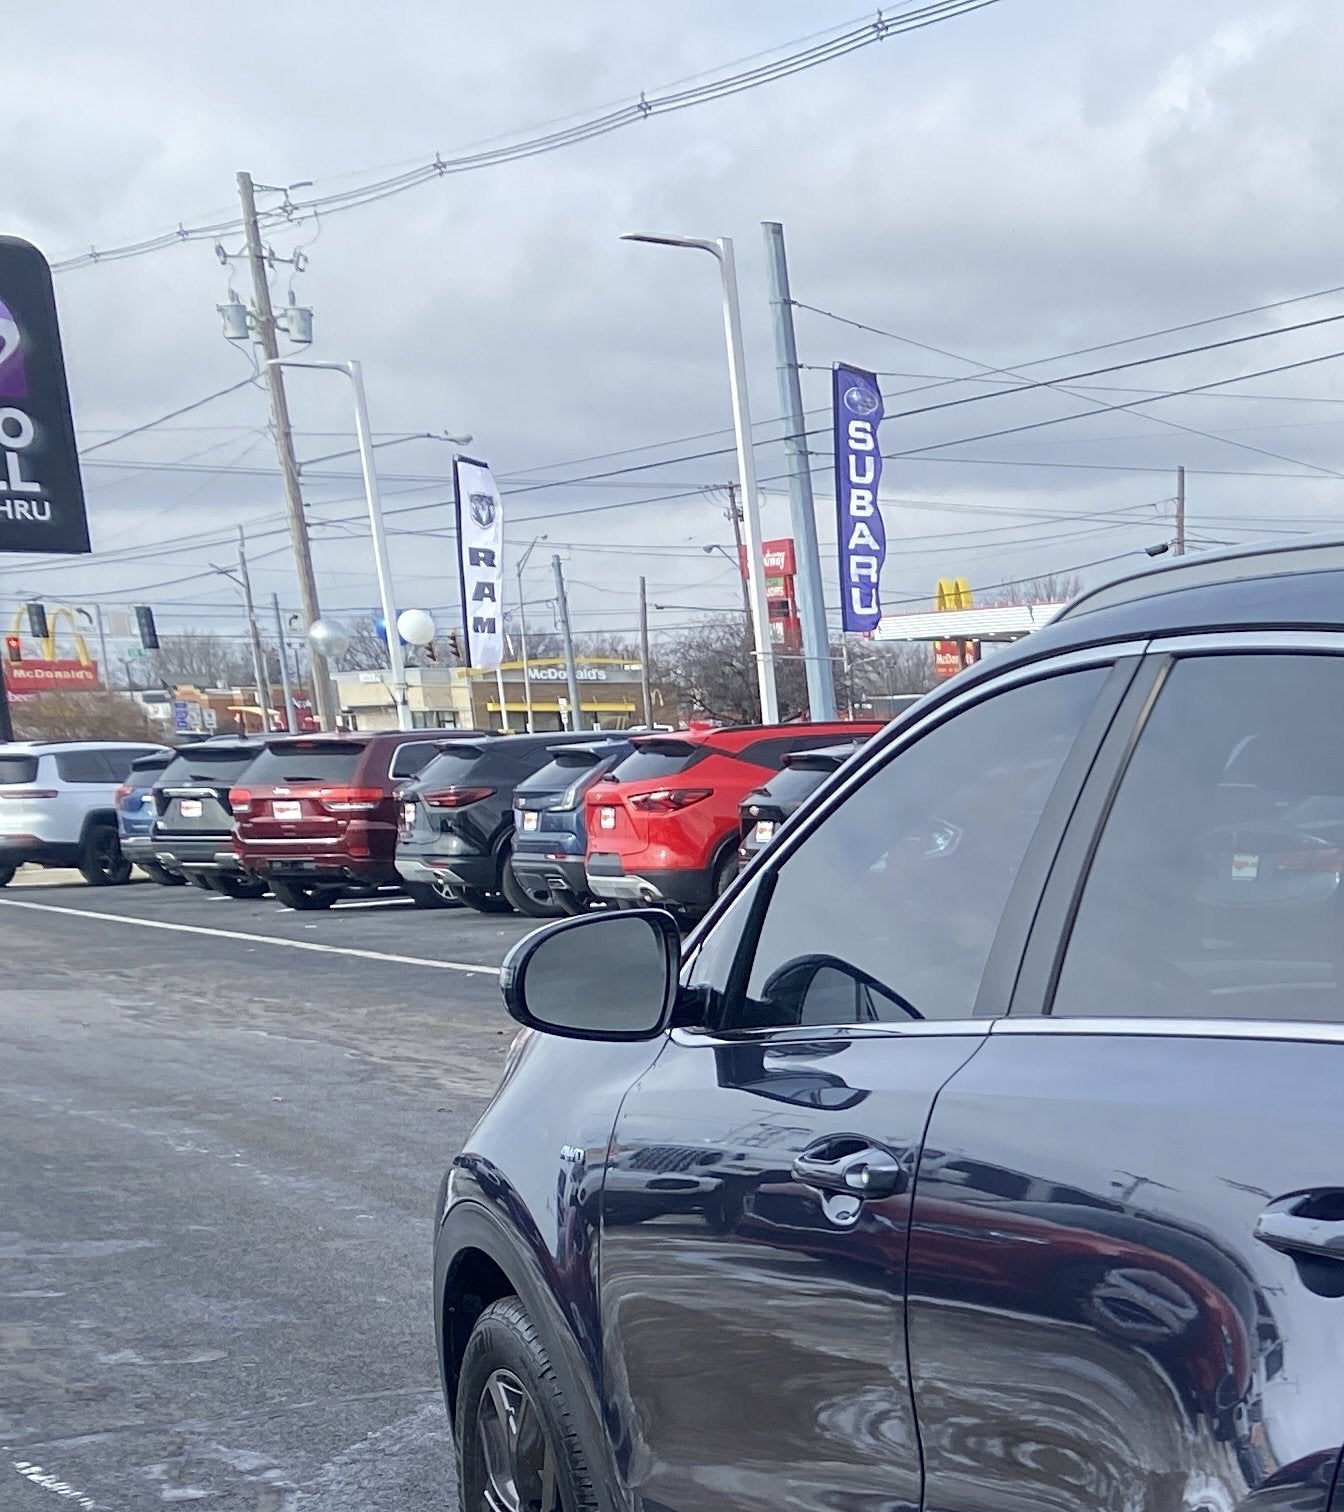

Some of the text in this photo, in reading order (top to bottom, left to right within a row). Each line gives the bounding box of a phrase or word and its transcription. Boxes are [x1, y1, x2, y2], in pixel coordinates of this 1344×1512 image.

[848, 420, 881, 615] SUBARU
[468, 547, 497, 634] RAM
[13, 669, 94, 680] McDonald's
[528, 668, 607, 680] McDoald's
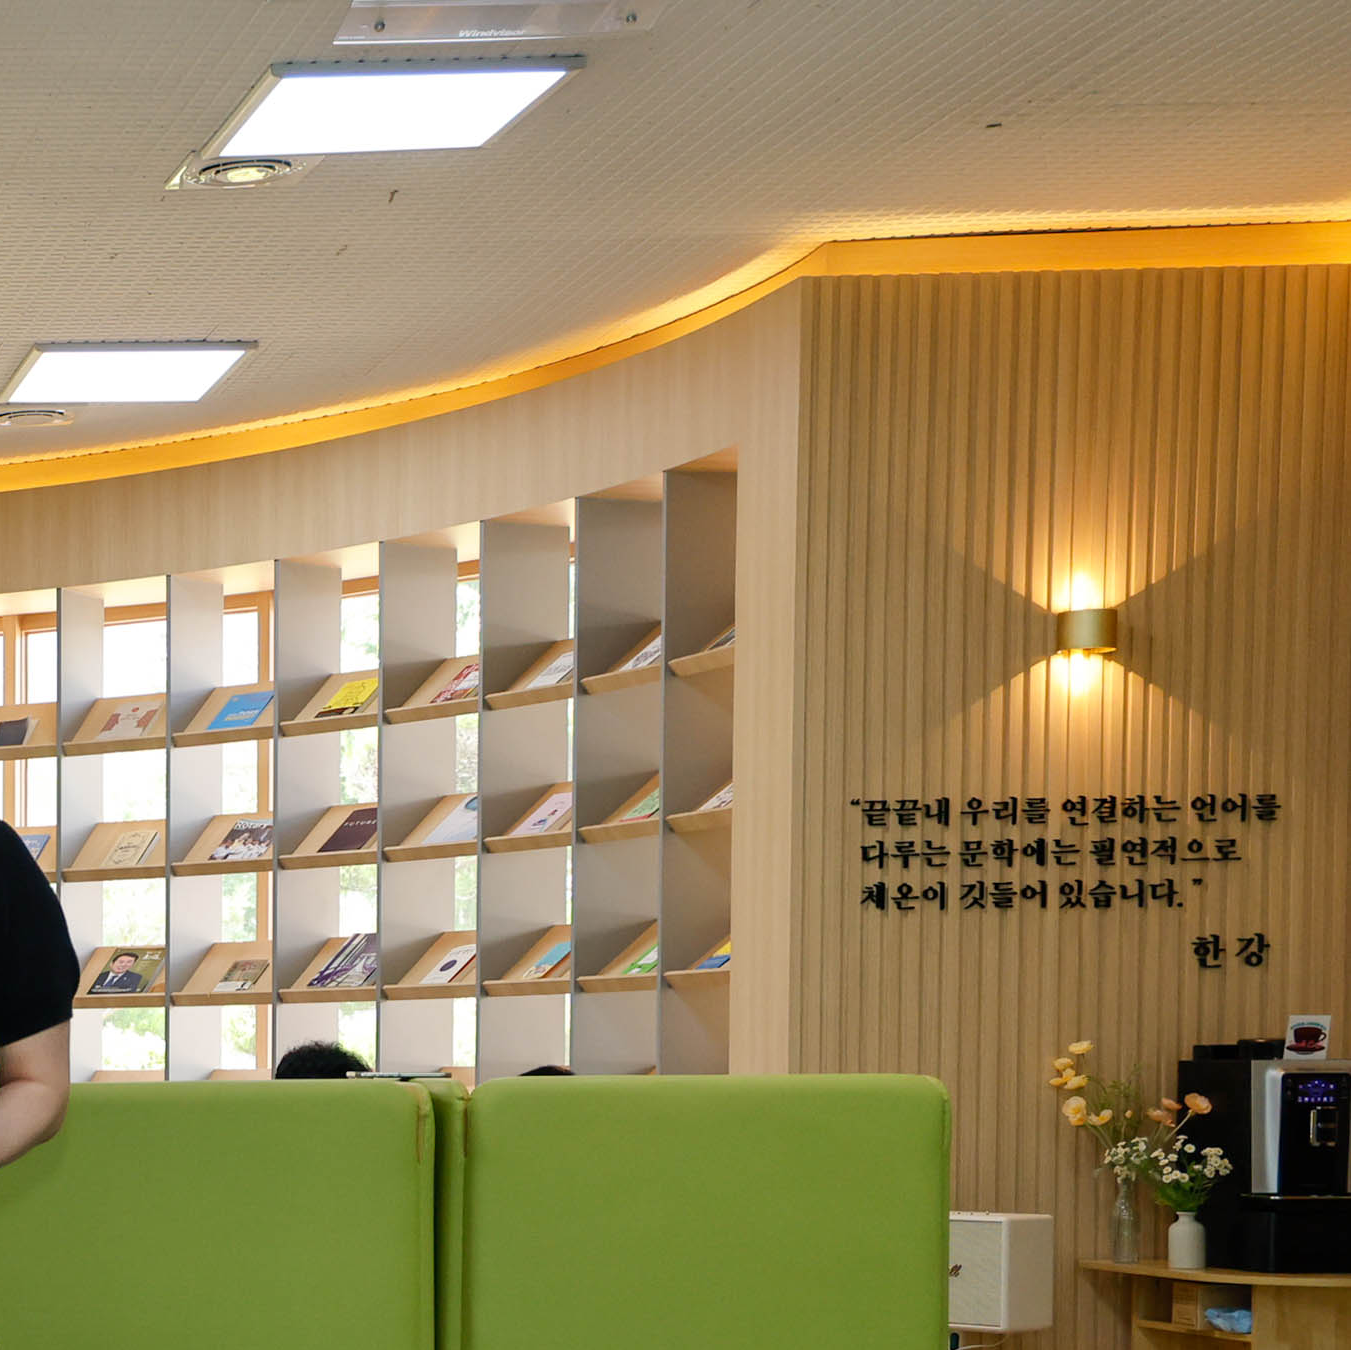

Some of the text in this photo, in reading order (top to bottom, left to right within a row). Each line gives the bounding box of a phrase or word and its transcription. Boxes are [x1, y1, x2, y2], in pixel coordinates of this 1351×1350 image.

[959, 797, 1051, 827] 우리를
[1061, 795, 1181, 827] 연결하는
[1190, 793, 1282, 823] 언어를
[859, 836, 1242, 869] 다루는 문학에는 필연적으로
[859, 880, 948, 911] 체온이
[958, 880, 1049, 910] 깃들어
== == ==
◆ **PROBLEM REQUIREMENTS**
The answer should match the data above word for word, with no pictures in it.

◆ **ANSWER SPACE**
Some of the text in this photo, in reading order (top to bottom, left to right within a row). Each line gives the bounding box of a phrase or word and its transcription. Boxes are [x1, y1, x2, y2], in pixel coordinates of this 1344×1512 image.

[848, 420, 881, 615] SUBARU
[468, 547, 497, 634] RAM
[13, 669, 94, 680] McDonald's
[528, 668, 607, 680] McDoald's

Some of the text in this photo, in reading order (top to bottom, left to right within a row). Each line gives the bounding box of a phrase or word and its transcription. Boxes are [x1, y1, x2, y2], in pixel coordinates of this 1351×1350 image.

[959, 797, 1051, 827] 우리를
[1061, 795, 1181, 827] 연결하는
[1190, 793, 1282, 823] 언어를
[859, 836, 1242, 869] 다루는 문학에는 필연적으로
[859, 880, 948, 911] 체온이
[958, 880, 1049, 910] 깃들어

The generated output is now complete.